Trata-se da moção apresentada pelo PP sobre a situação política decorrente das investigações judiciais relativas a casos que afetam o PSOE.
Após a recusa do PSOE e do Sumar em permitir uma votação no Plenário do Congresso sobre a exigência de antecipar as eleições gerais, o texto que finalmente foi submetido à apreciação dos senhores deputados foi votado separadamente, ponto por ponto.
Por um lado, foi aprovada, com o apoio do PP, da Vox, da Junts e da UPN, a instância para que Sánchez “considere a oportunidade de propor uma moção de confiança, de acordo com a prerrogativa que lhe confere a Constituição, atendendo ao caráter político, sem vinculação jurídica, da presente iniciativa”. São exatamente os mesmos termos da iniciativa registrada pelo Junts em fevereiro do ano passado, que, por sua vez, foi aprovada pelo órgão de governo do Congresso.
Em outro ponto, e com os mesmos votos a favor, foi acordado que “o acúmulo de investigações sobre casos de corrupção que têm como protagonistas responsáveis políticos nomeados e mantidos diretamente pelo presidente Pedro Sánchez exige que sua assunção de responsabilidades ocorra na forma de renúncia”.

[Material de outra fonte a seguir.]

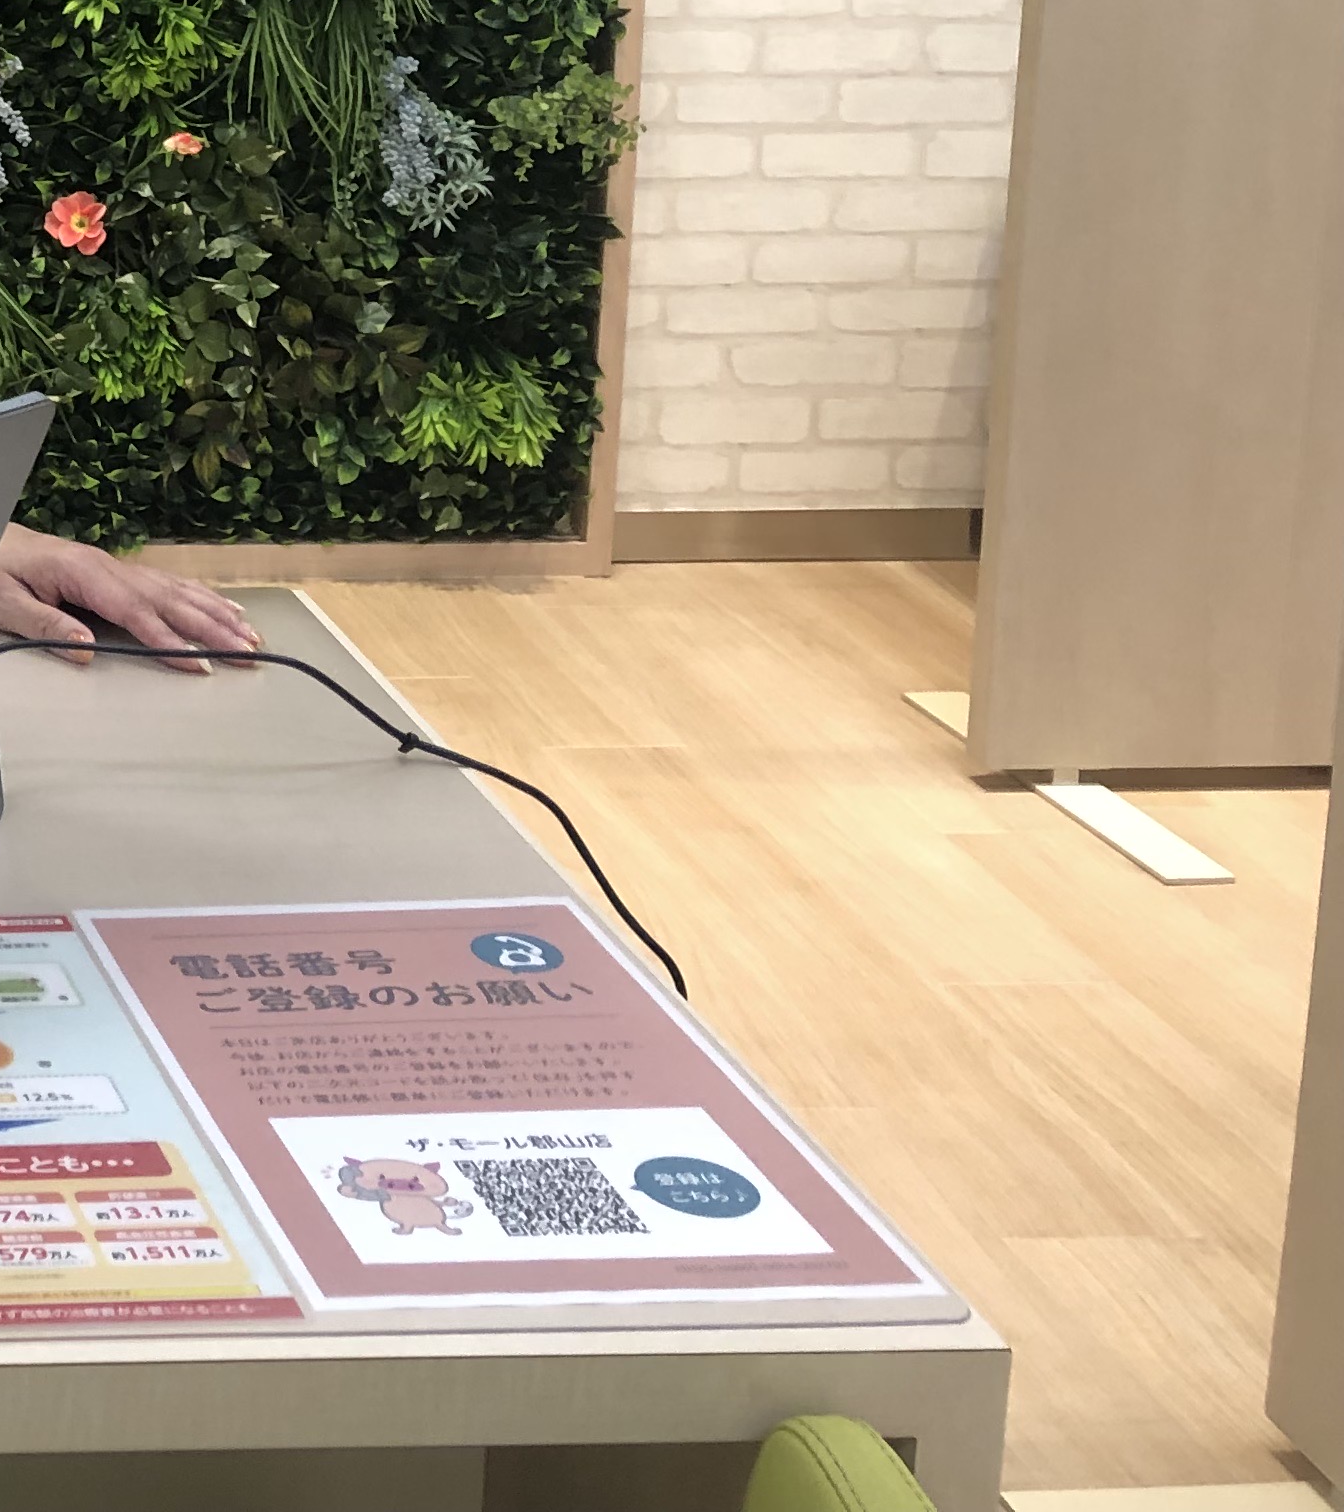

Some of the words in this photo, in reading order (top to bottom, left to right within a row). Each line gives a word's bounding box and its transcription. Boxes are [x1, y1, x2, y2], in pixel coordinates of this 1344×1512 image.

E foi aprovado um terceiro ponto, no qual o PP aproveitou para criticar a decisão tomada pelo PSOE e pelo Sumar na Mesa da Câmara de impedir a votação no Plenário das duas emendas apresentadas há uma semana pelo PP e pelo Junts a uma moção dos “populares” à qual ambos pretendiam acrescentar uma exigência de convocação de eleições.

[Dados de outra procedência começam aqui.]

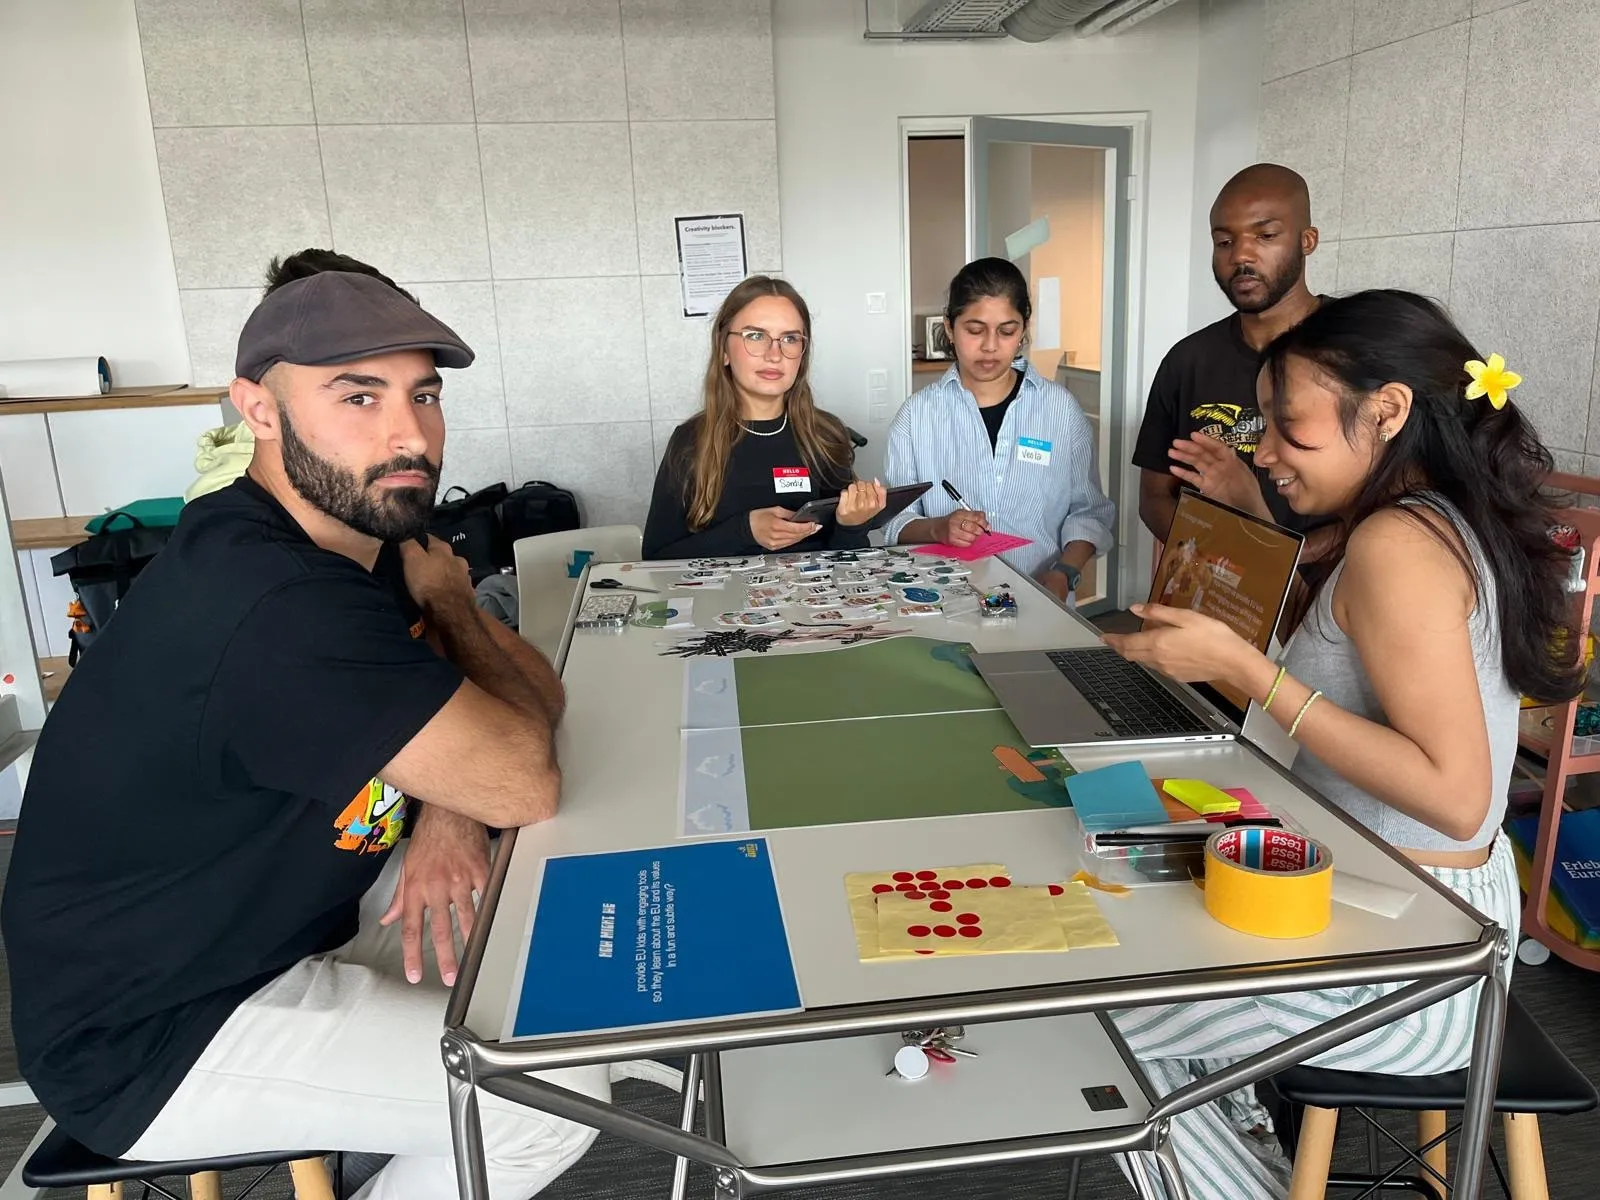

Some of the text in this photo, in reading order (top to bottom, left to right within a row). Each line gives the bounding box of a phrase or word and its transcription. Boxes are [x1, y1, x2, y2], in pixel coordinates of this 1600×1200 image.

[1271, 835, 1302, 852] tesa
[1271, 846, 1302, 863] tesa
[664, 884, 675, 902] way?
[665, 904, 674, 923] subtle
[600, 916, 615, 938] MIGHT
[636, 870, 648, 992] provide EU kids with engaging tools
[651, 861, 663, 1002] so they learn about the EU and its values
[666, 925, 675, 938] and
[598, 940, 613, 958] HOW
[666, 940, 675, 951] fun

Mais especificamente, e graças à abstenção do Junts e do Podemos, o Congresso proclama “sua liberdade para exercer suas funções constitucionais legislativas, de controle do Governo e de orientação política, sem outras restrições além da aplicação rigorosa e não arbitrária da ordem constitucional” e, consequentemente, repudia “a intenção de veto, tanto por parte do Governo quanto por parte de determinados grupos políticos, ao debate de certas iniciativas ou emendas”.

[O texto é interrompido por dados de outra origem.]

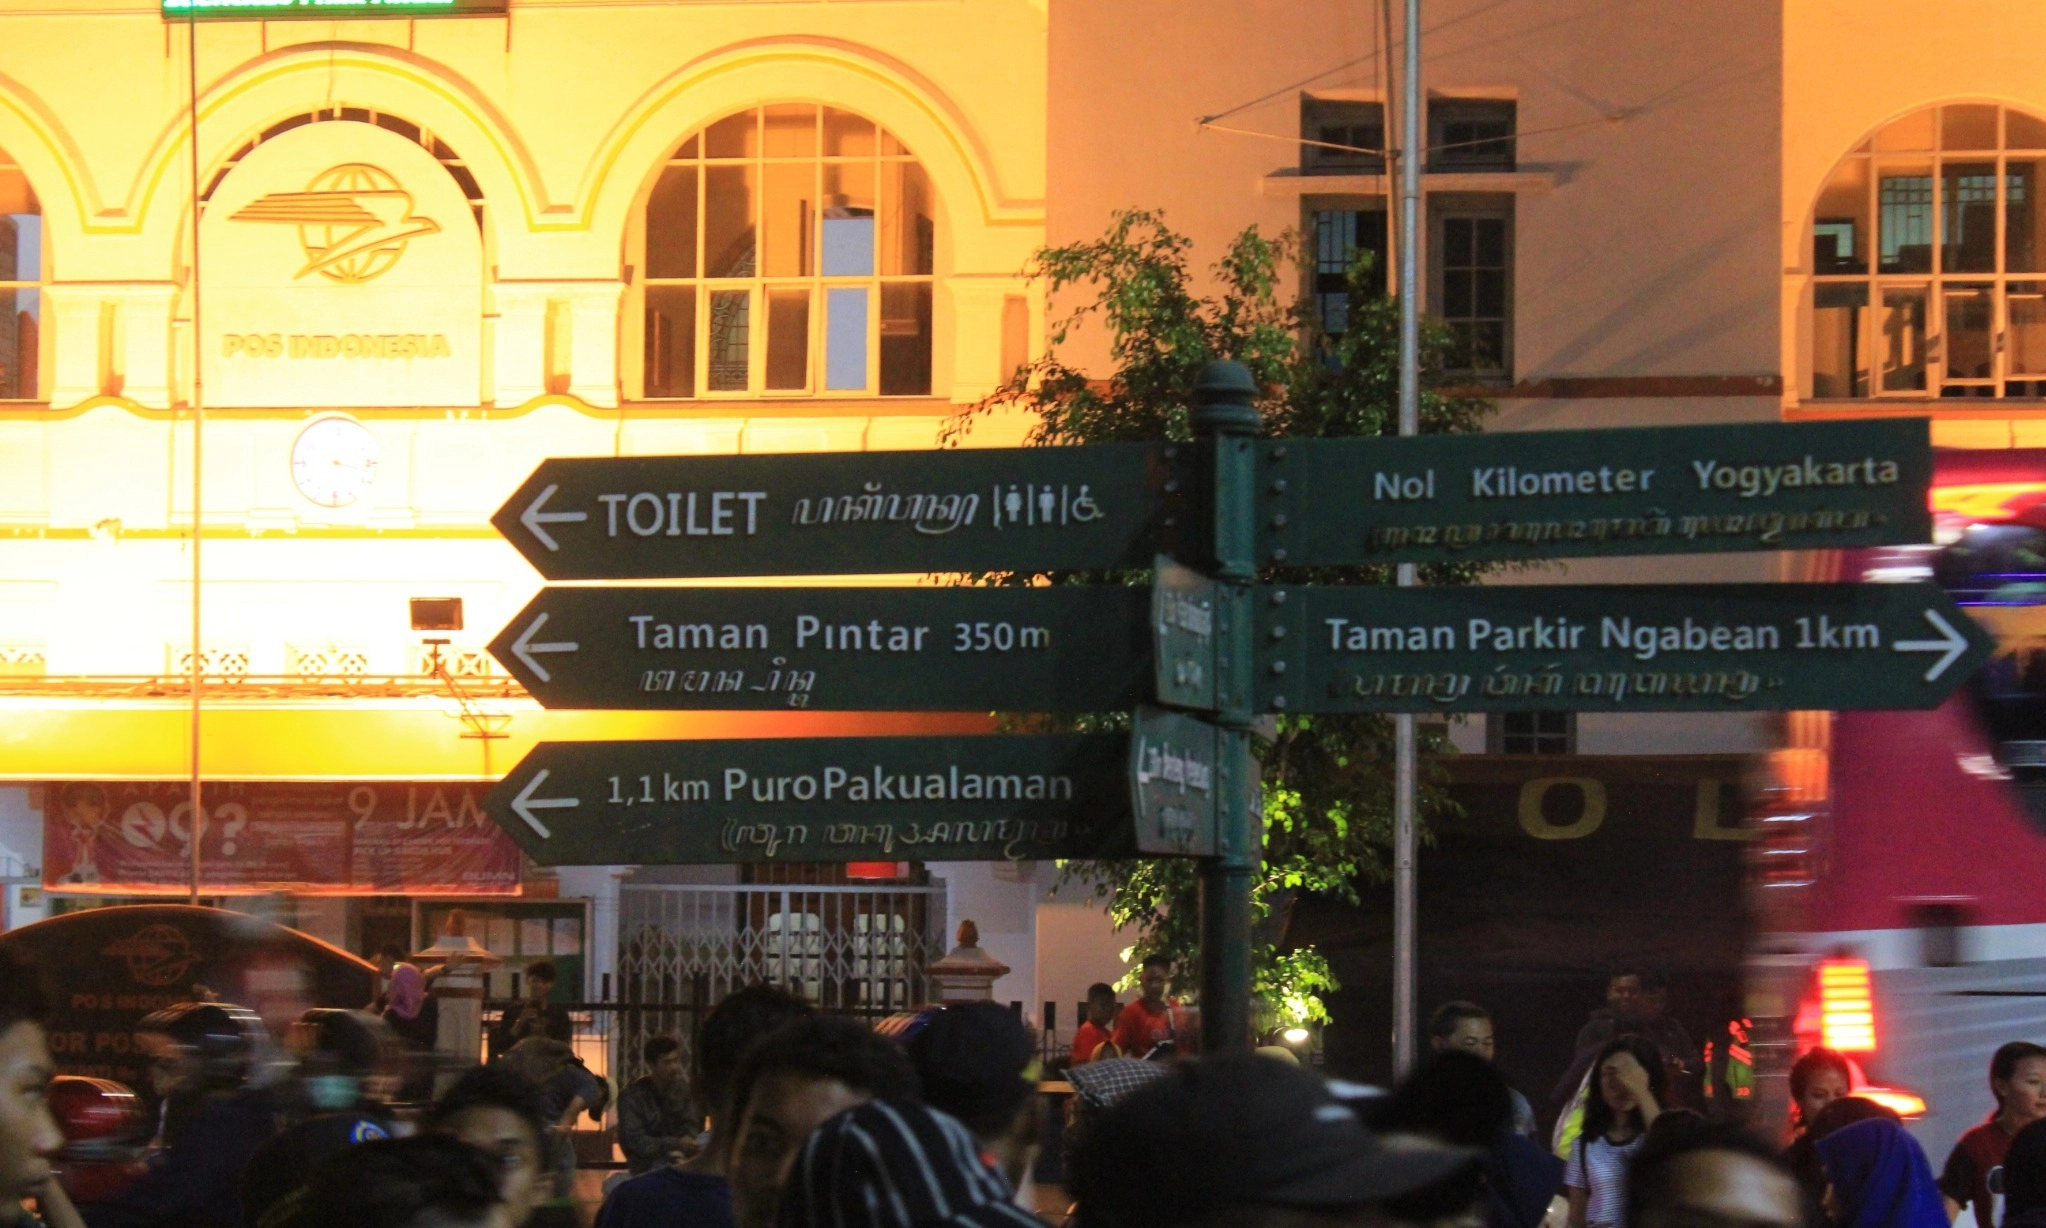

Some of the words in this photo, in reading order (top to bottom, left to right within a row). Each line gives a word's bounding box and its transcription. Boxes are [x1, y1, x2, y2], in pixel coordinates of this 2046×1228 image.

[222, 333, 283, 358] POS
[288, 333, 451, 359] INDONESIA
[1374, 469, 1434, 500] Nol
[1473, 466, 1655, 496] Kilometer
[1693, 456, 1898, 498] Yogyakarta
[597, 491, 767, 537] TOILET
[628, 615, 768, 650] Taman
[796, 614, 929, 651] Pintar
[1325, 618, 1456, 651] Taman
[1468, 617, 1585, 651] Parkir
[1601, 616, 1779, 660] Ngabean
[349, 785, 378, 830] 9

O que foi vetado pela Mesa do Congresso, e por isso não foi votado nesta quinta-feira, foi a pretensão do PP de que o Congresso manifestasse “seu desejo majoritário de que sejam convocadas, o mais rápido possível, eleições gerais” e exigisse a “renúncia imediata em bloco do Governo” e a convocação de eleições. O PSOE e o Sumar alegam que a convocação de eleições é uma competência exclusiva do presidente do Executivo, que não pode ser objeto de votação no Legislativo.